[Text-to-region grounding data]
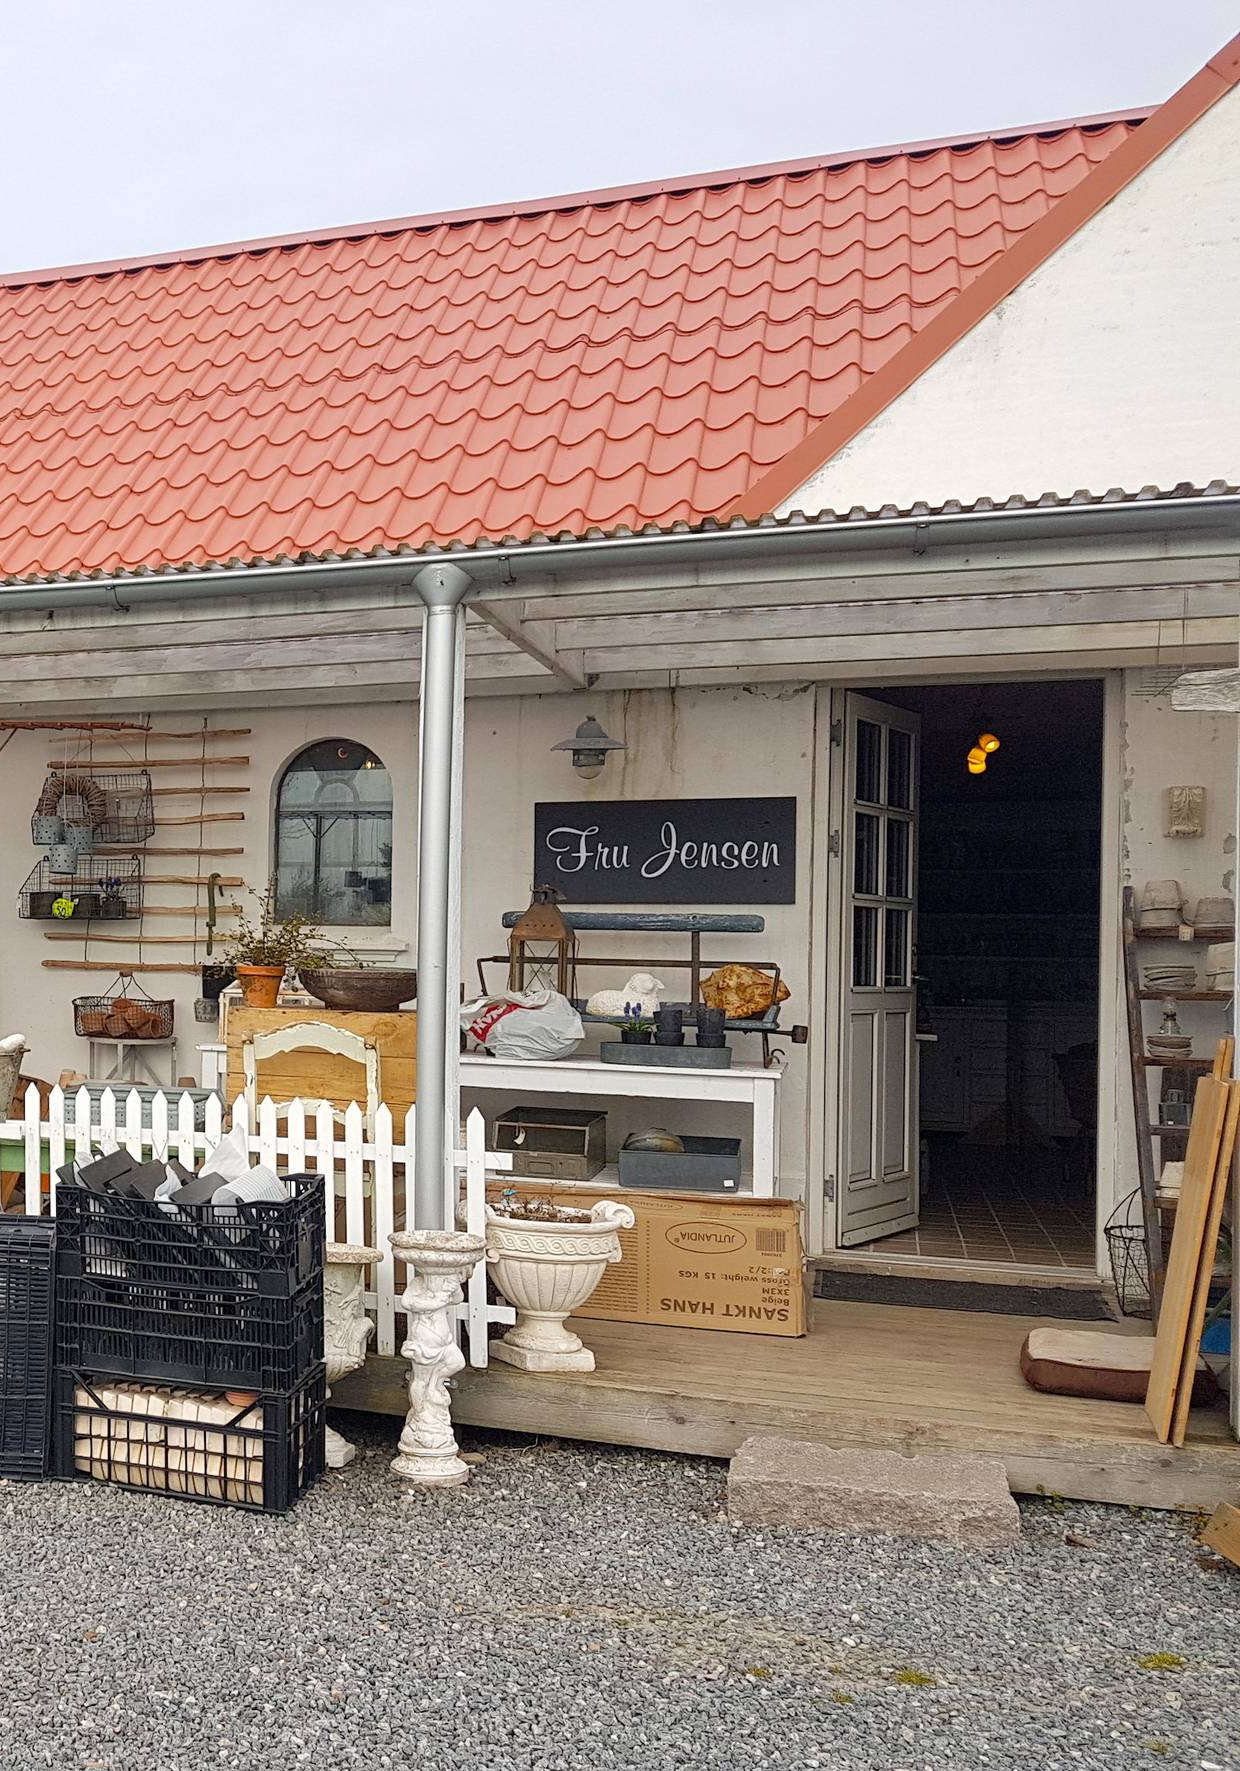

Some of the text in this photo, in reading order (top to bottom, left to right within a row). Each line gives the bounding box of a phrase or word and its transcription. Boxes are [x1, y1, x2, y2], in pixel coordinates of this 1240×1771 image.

[546, 821, 781, 878] Fru Jensen
[679, 1231, 737, 1244] JUTLANDIA
[678, 1270, 791, 1286] Gross weight: 15 KGS
[761, 1287, 791, 1296] 3X3M
[761, 1296, 791, 1307] Beige
[659, 1298, 790, 1322] SANKT HANS
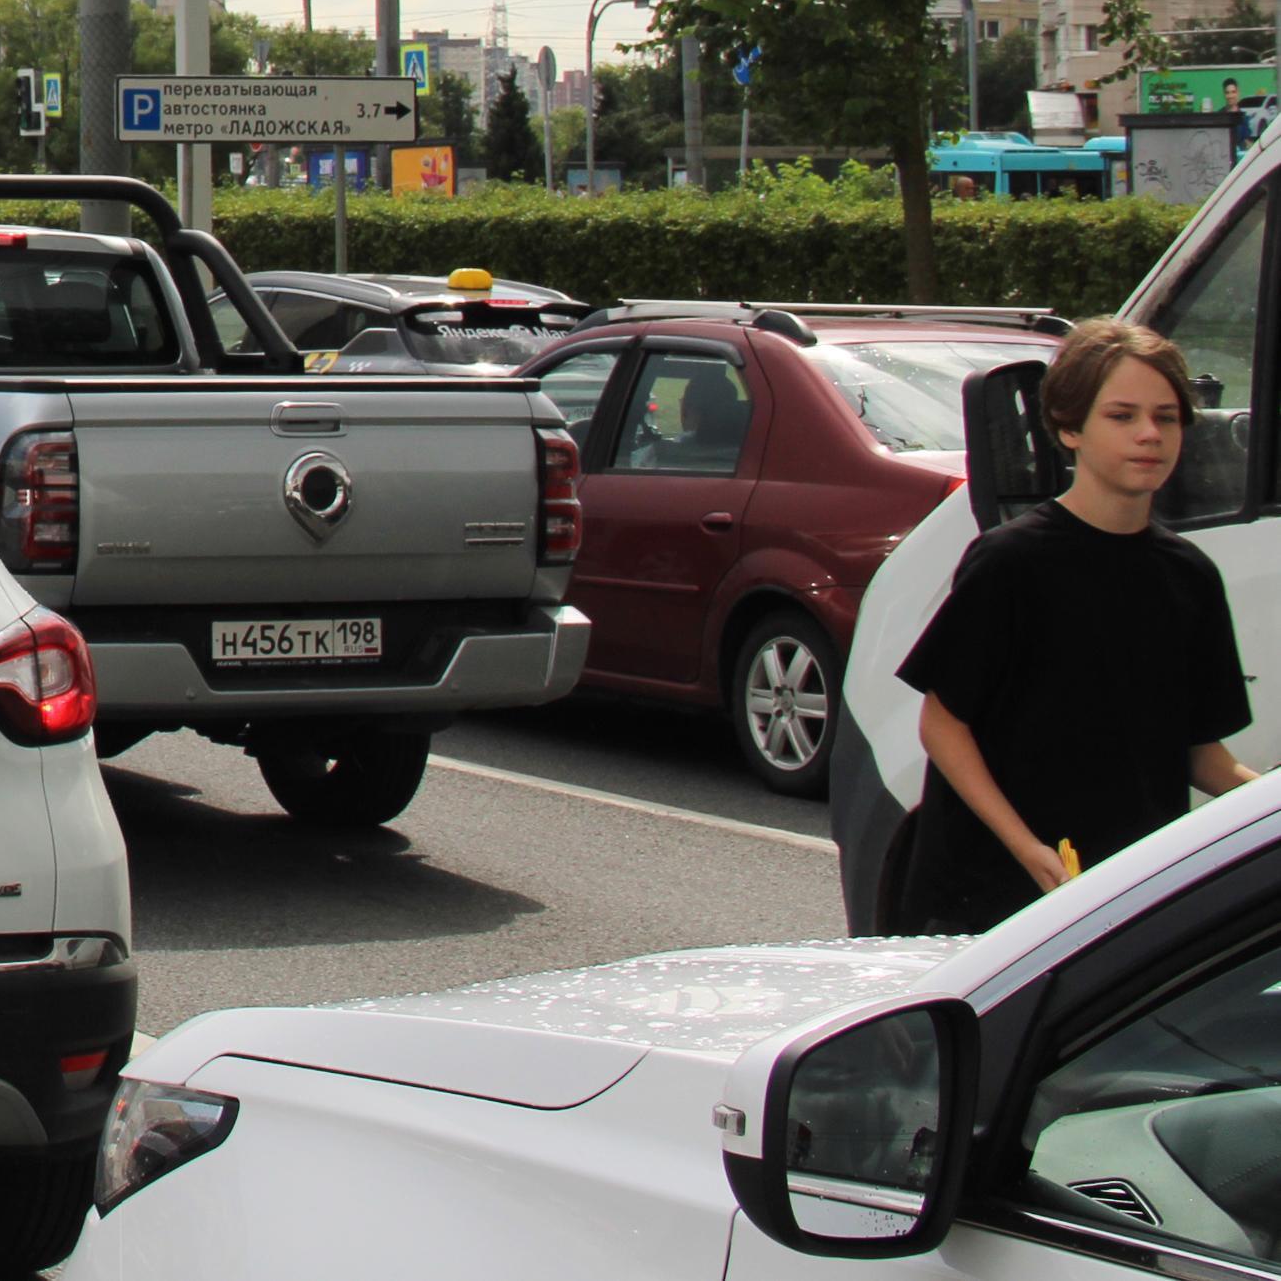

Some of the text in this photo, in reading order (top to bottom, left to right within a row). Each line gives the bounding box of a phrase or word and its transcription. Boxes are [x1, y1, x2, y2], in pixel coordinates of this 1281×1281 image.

> **WHAT YOU ARE ASKED TO DO**: These entries are to be printed again word for word, except for the pictures.

> **ANSWER TO THIS TASK**:
Some of the text in this photo, in reading order (top to bottom, left to right within a row). Each line gives the bounding box of a phrase or word and its transcription. Boxes are [x1, y1, x2, y2], in pixel coordinates of this 1240×1771 image.

[546, 821, 781, 878] Fru Jensen
[679, 1231, 737, 1244] JUTLANDIA
[678, 1270, 791, 1286] Gross weight: 15 KGS
[761, 1287, 791, 1296] 3X3M
[761, 1296, 791, 1307] Beige
[659, 1298, 790, 1322] SANKT HANS

Some of the text in this photo, in reading order (top to bottom, left to right within a row). Each line gives the bounding box of a phrase or word and its transcription. Boxes are [x1, y1, x2, y2], in pixel coordinates of this 1281×1281 image.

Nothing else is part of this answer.